#### Aim of the exercise
Each entry should be set down exactly as written, except for any picture it holds.

#### Spatial localization data
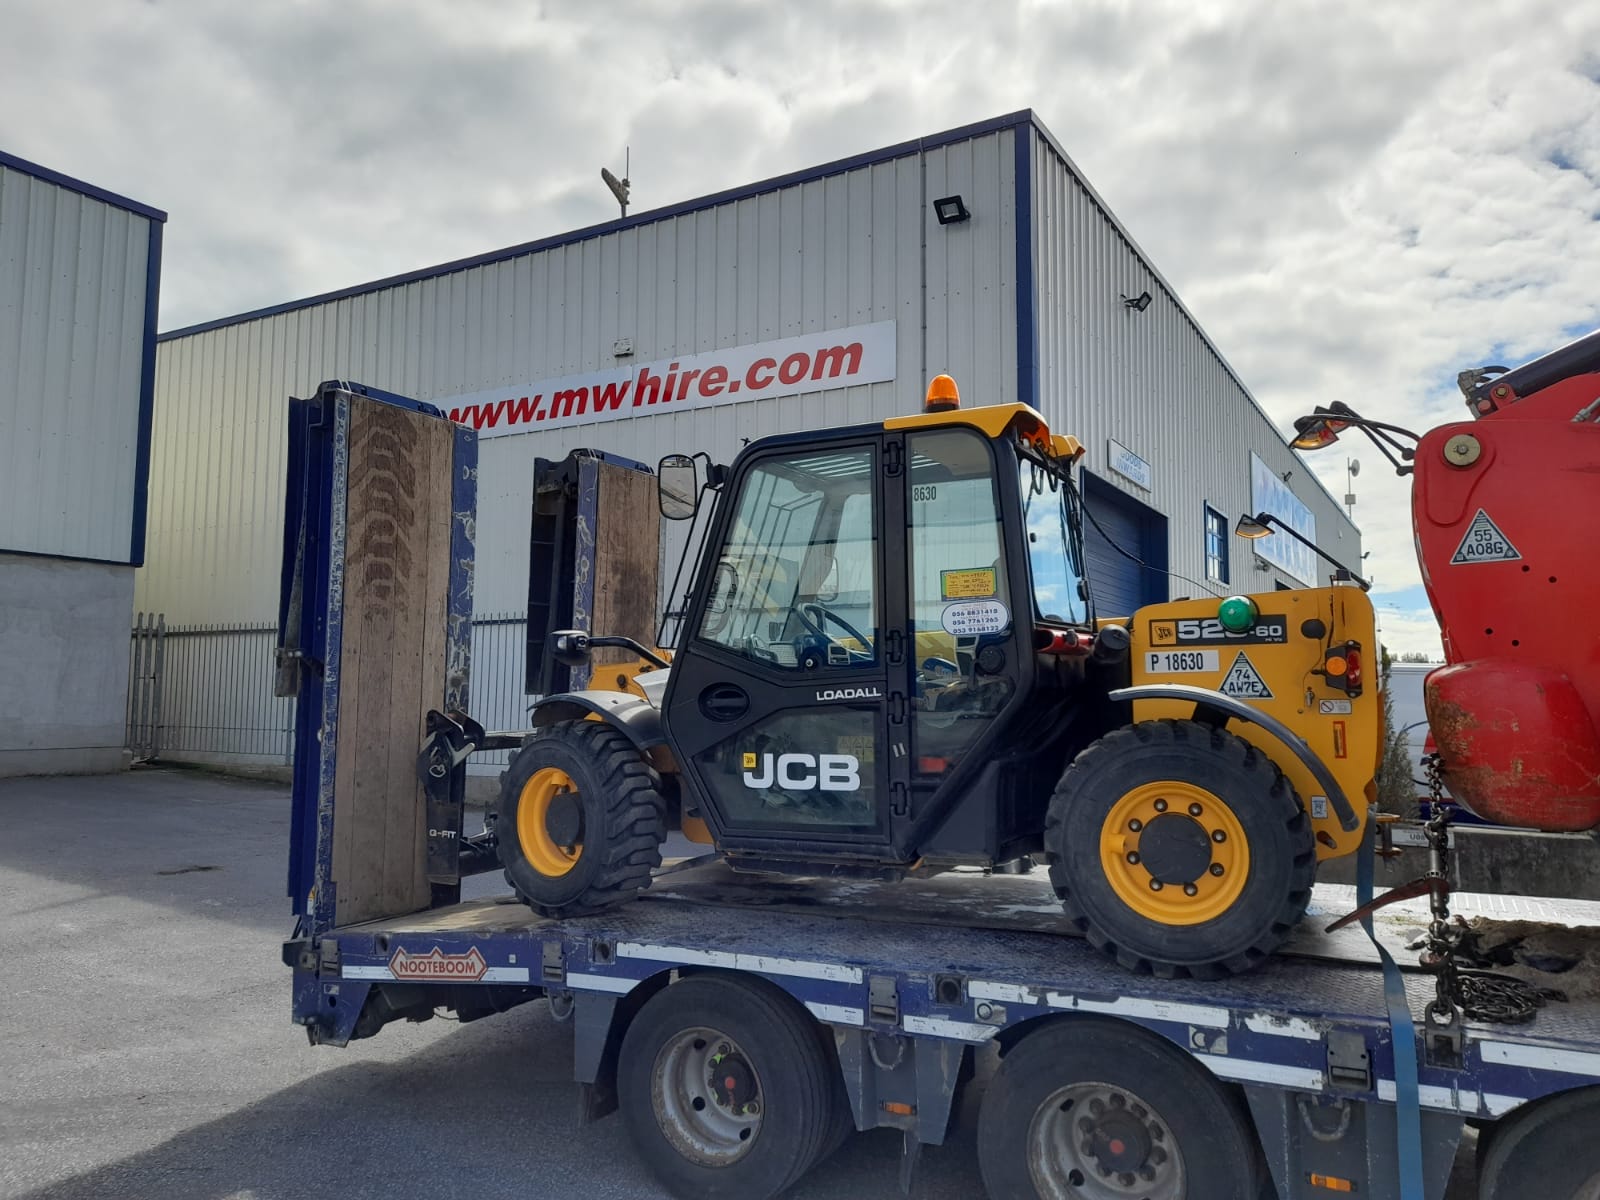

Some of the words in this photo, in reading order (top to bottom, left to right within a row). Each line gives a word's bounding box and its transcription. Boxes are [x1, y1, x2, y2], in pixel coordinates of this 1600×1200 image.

[1474, 529, 1493, 543] 55
[1178, 619, 1283, 640] 52-60
[1151, 654, 1159, 671] P
[1165, 652, 1204, 671] 18630
[1235, 669, 1251, 681] 74
[816, 687, 882, 701] LOADALL
[1228, 681, 1260, 694] AW7E
[743, 753, 861, 791] JCB
[399, 960, 476, 974] NOOTEBOOM
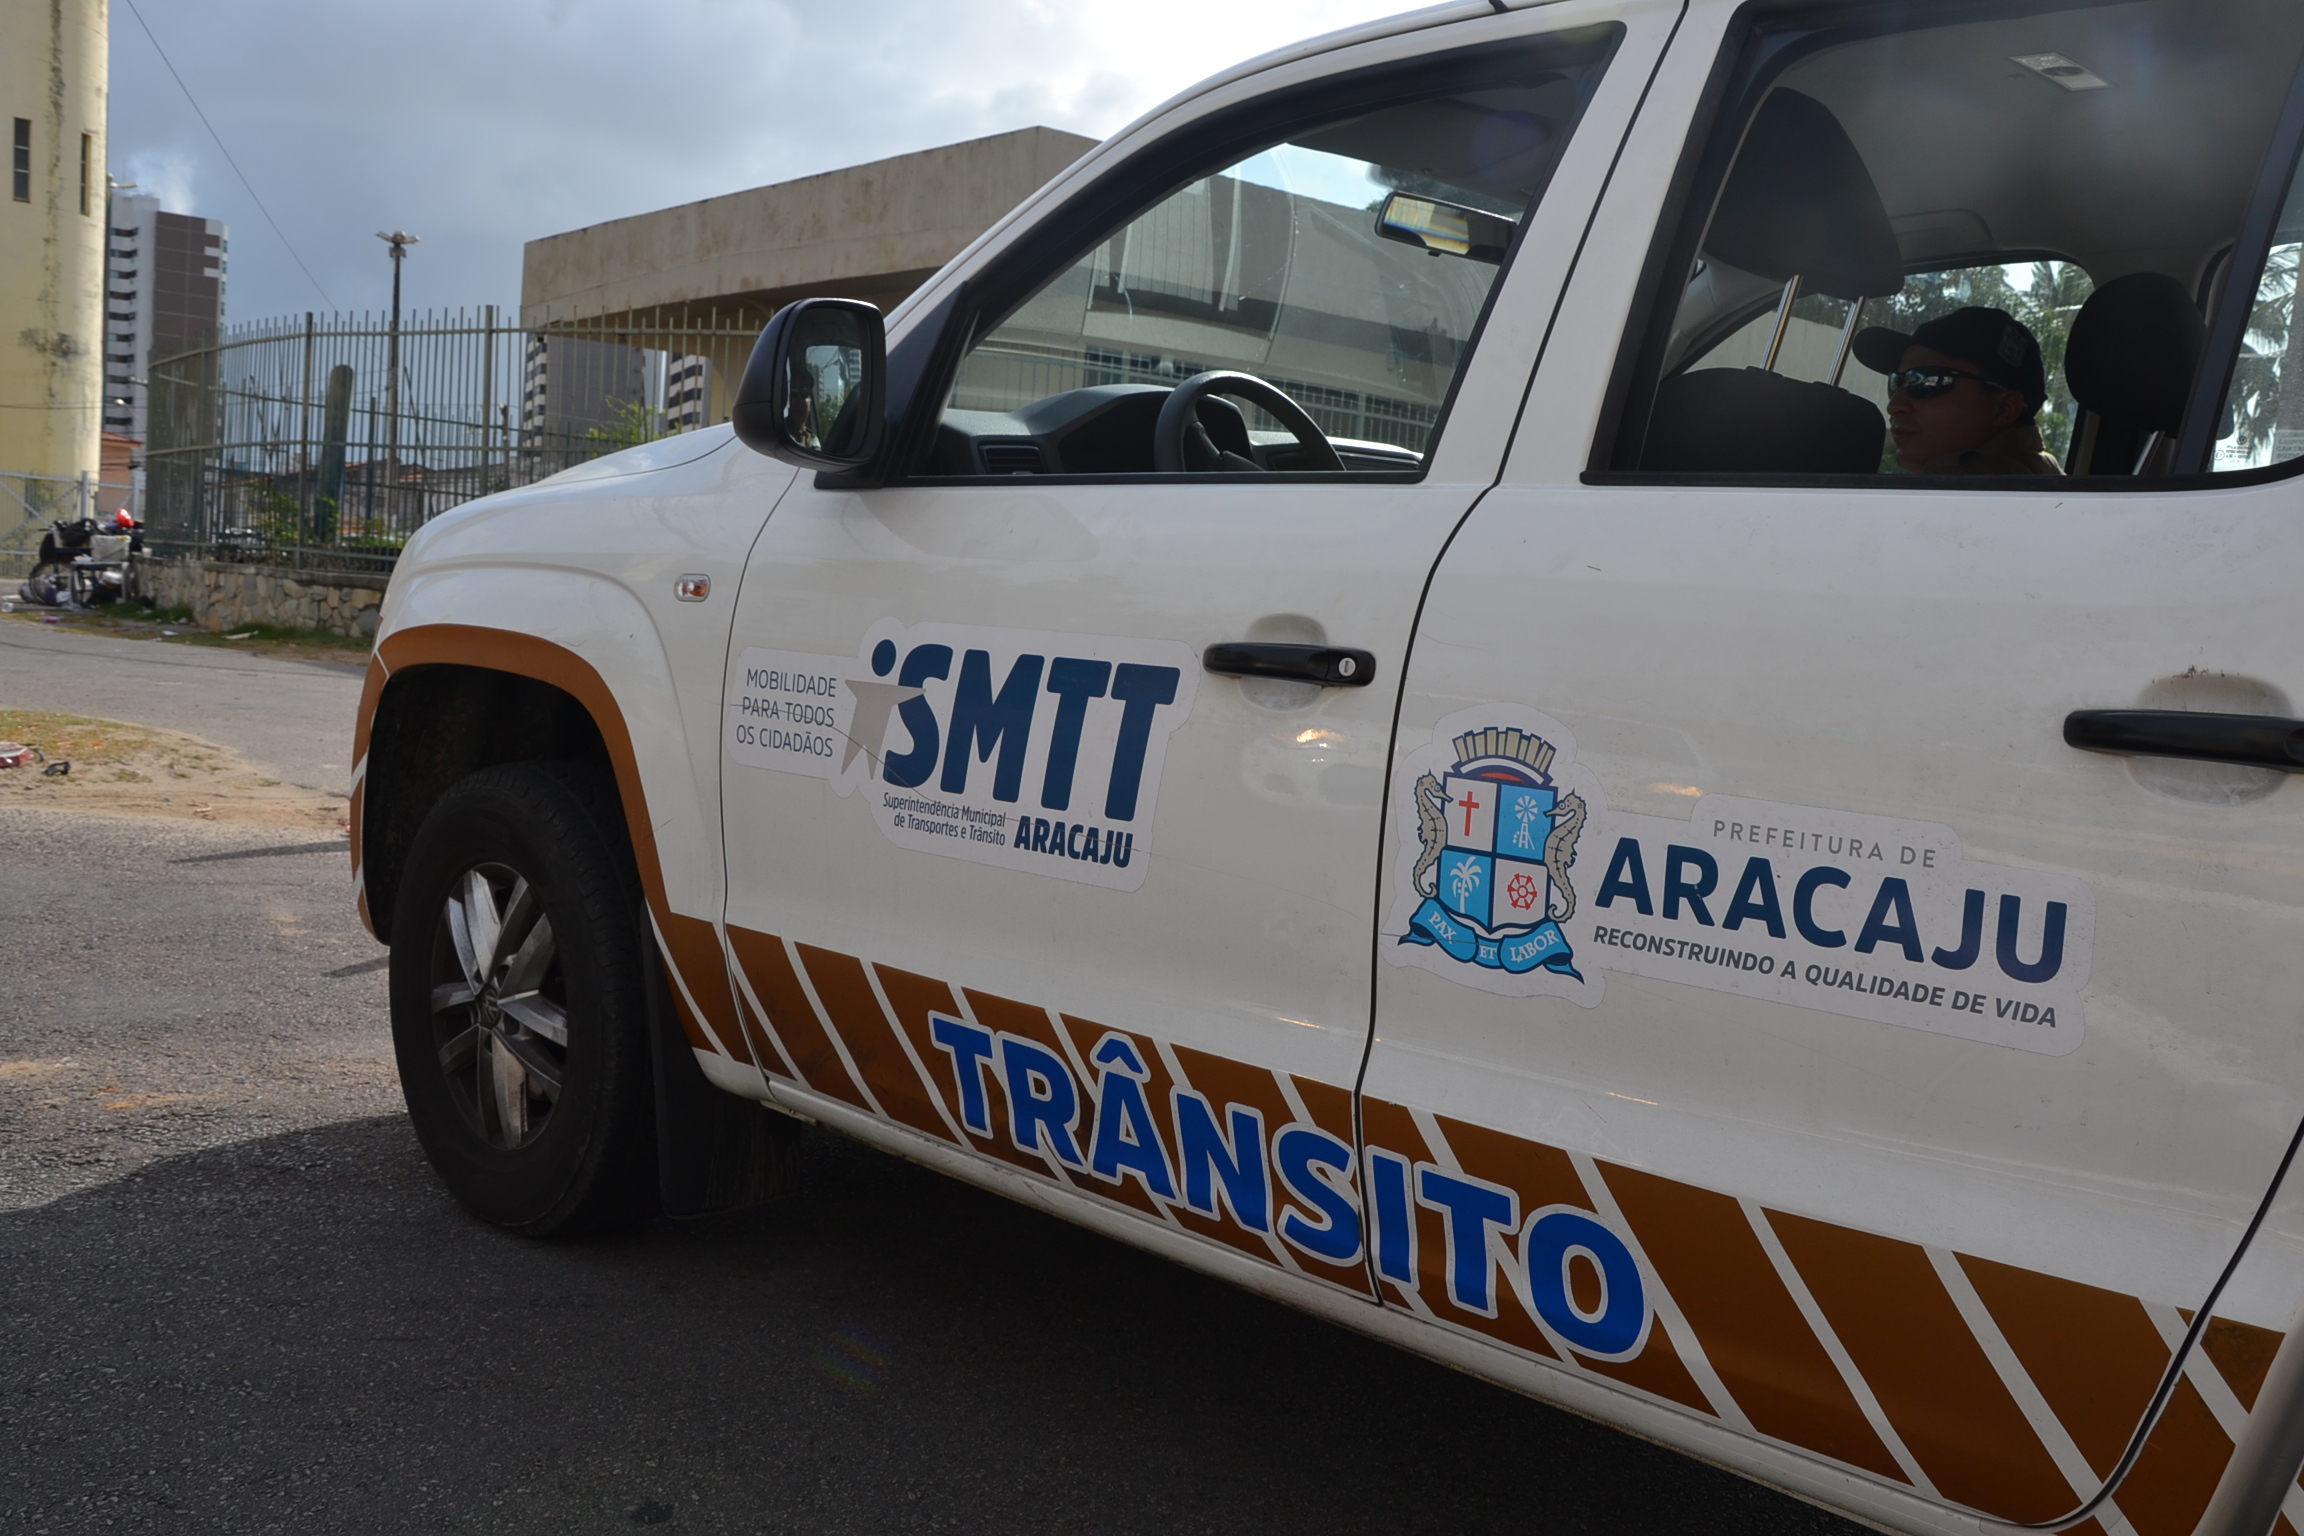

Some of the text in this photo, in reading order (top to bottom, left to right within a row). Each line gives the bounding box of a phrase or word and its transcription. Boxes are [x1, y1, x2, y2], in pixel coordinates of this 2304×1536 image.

[746, 667, 837, 698] MOBILIDADE
[741, 696, 835, 728] PARA TODOS
[736, 724, 833, 758] OS CIDADÃOS
[882, 792, 1007, 828] Superintendência Municipal
[893, 812, 1006, 847] de Transportes e Trânsito
[1013, 815, 1134, 869] ARACAJU
[1713, 820, 1936, 869] PREFEITURA DE
[1594, 837, 2068, 984] ARACAJU
[1428, 911, 1560, 963] PAX ET LABOR
[1593, 925, 2058, 1029] RECONSTRUINDO A QUALIDADE DE VIDA
[928, 1011, 1653, 1363] TRÂNSITO
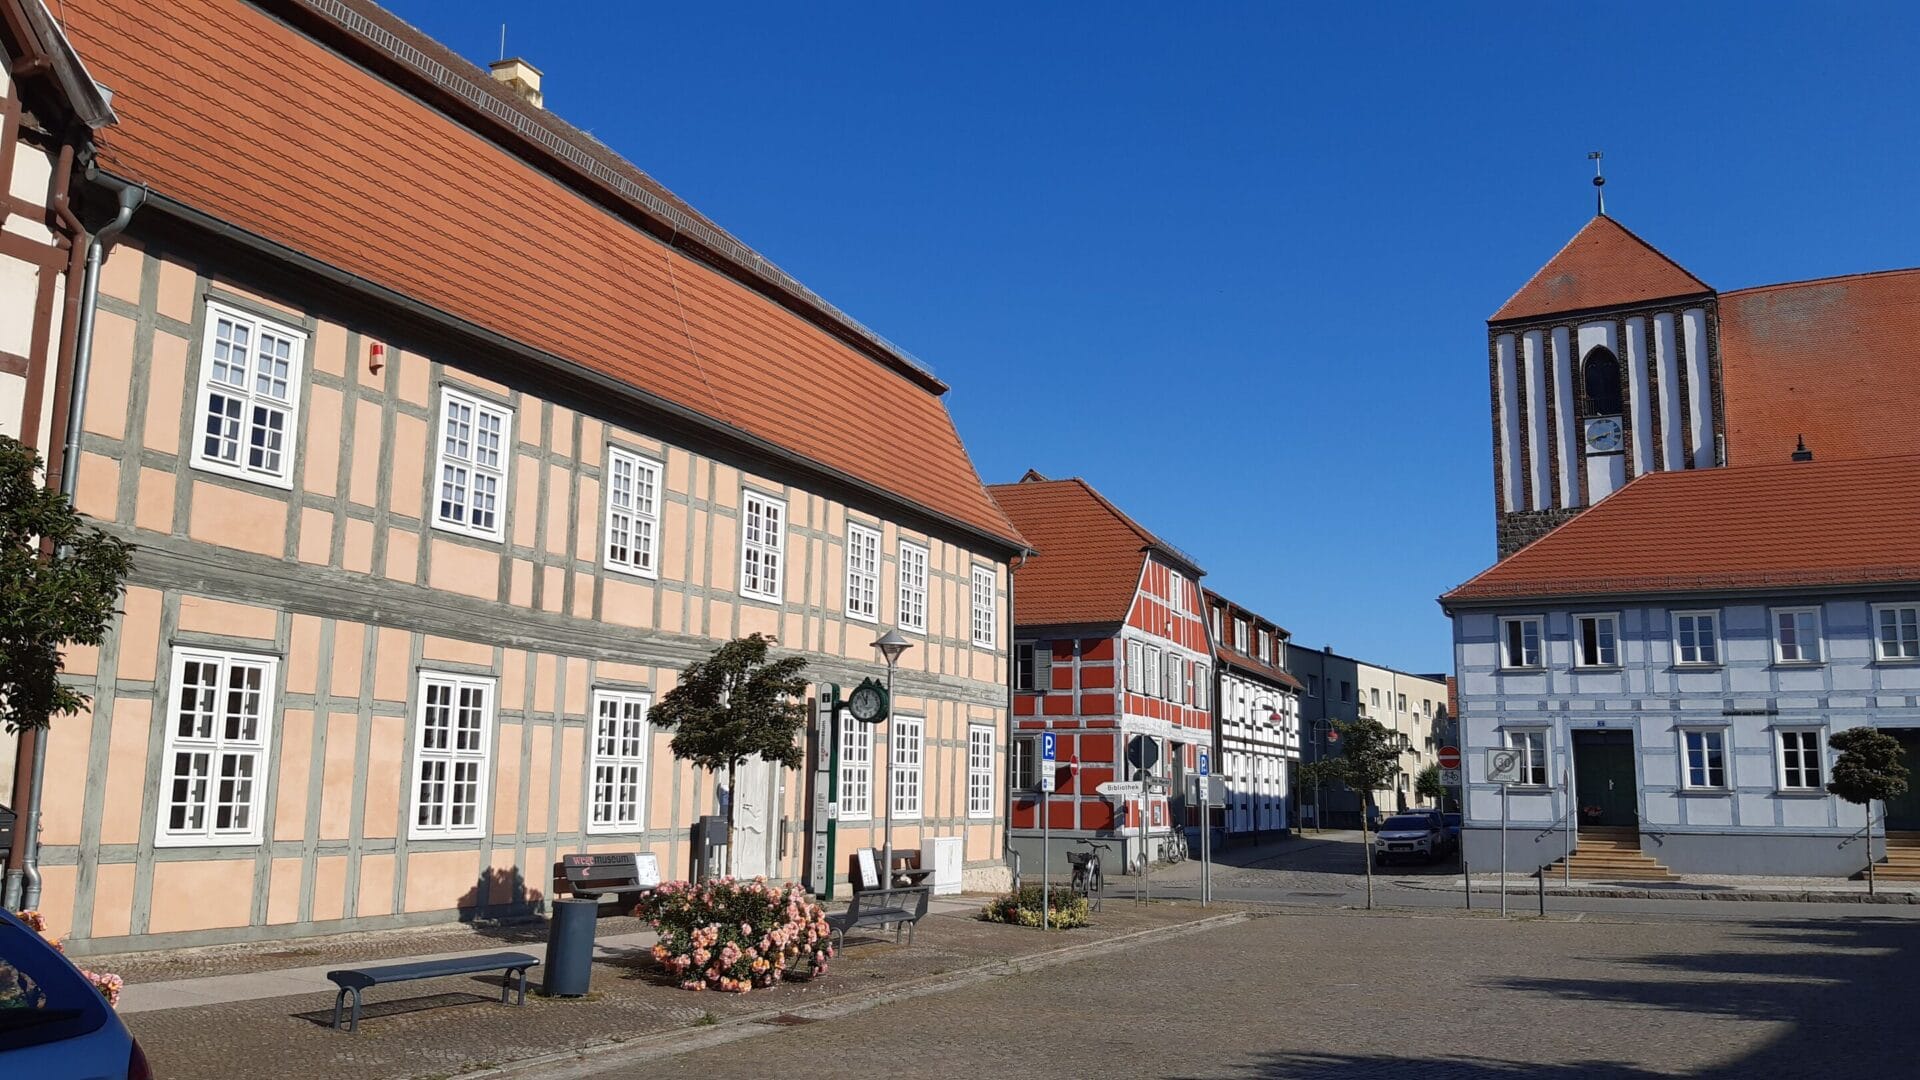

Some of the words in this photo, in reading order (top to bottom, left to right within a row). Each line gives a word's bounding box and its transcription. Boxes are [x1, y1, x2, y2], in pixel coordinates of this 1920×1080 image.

[1045, 735, 1053, 756] P
[1201, 756, 1206, 772] P
[1498, 757, 1510, 768] 30
[572, 855, 629, 866] wegemuseum

#### Response
Some of the words in this photo, in reading order (top to bottom, left to right within a row). Each line gives a word's bounding box and its transcription. Boxes are [x1, y1, x2, y2], in pixel coordinates of this 1600×1200 image.

[1474, 529, 1493, 543] 55
[1178, 619, 1283, 640] 52-60
[1151, 654, 1159, 671] P
[1165, 652, 1204, 671] 18630
[1235, 669, 1251, 681] 74
[816, 687, 882, 701] LOADALL
[1228, 681, 1260, 694] AW7E
[743, 753, 861, 791] JCB
[399, 960, 476, 974] NOOTEBOOM

Some of the text in this photo, in reading order (top to bottom, left to right within a row). Each line gives the bounding box of a phrase or word and its transcription. Boxes are [x1, y1, x2, y2], in pixel coordinates of this 2304×1536 image.

[746, 667, 837, 698] MOBILIDADE
[741, 696, 835, 728] PARA TODOS
[736, 724, 833, 758] OS CIDADÃOS
[882, 792, 1007, 828] Superintendência Municipal
[893, 812, 1006, 847] de Transportes e Trânsito
[1013, 815, 1134, 869] ARACAJU
[1713, 820, 1936, 869] PREFEITURA DE
[1594, 837, 2068, 984] ARACAJU
[1428, 911, 1560, 963] PAX ET LABOR
[1593, 925, 2058, 1029] RECONSTRUINDO A QUALIDADE DE VIDA
[928, 1011, 1653, 1363] TRÂNSITO

Some of the words in this photo, in reading order (top to bottom, left to right within a row). Each line gives a word's bounding box and its transcription. Boxes are [x1, y1, x2, y2], in pixel coordinates of this 1920×1080 image.

[1045, 735, 1053, 756] P
[1201, 756, 1206, 772] P
[1498, 757, 1510, 768] 30
[572, 855, 629, 866] wegemuseum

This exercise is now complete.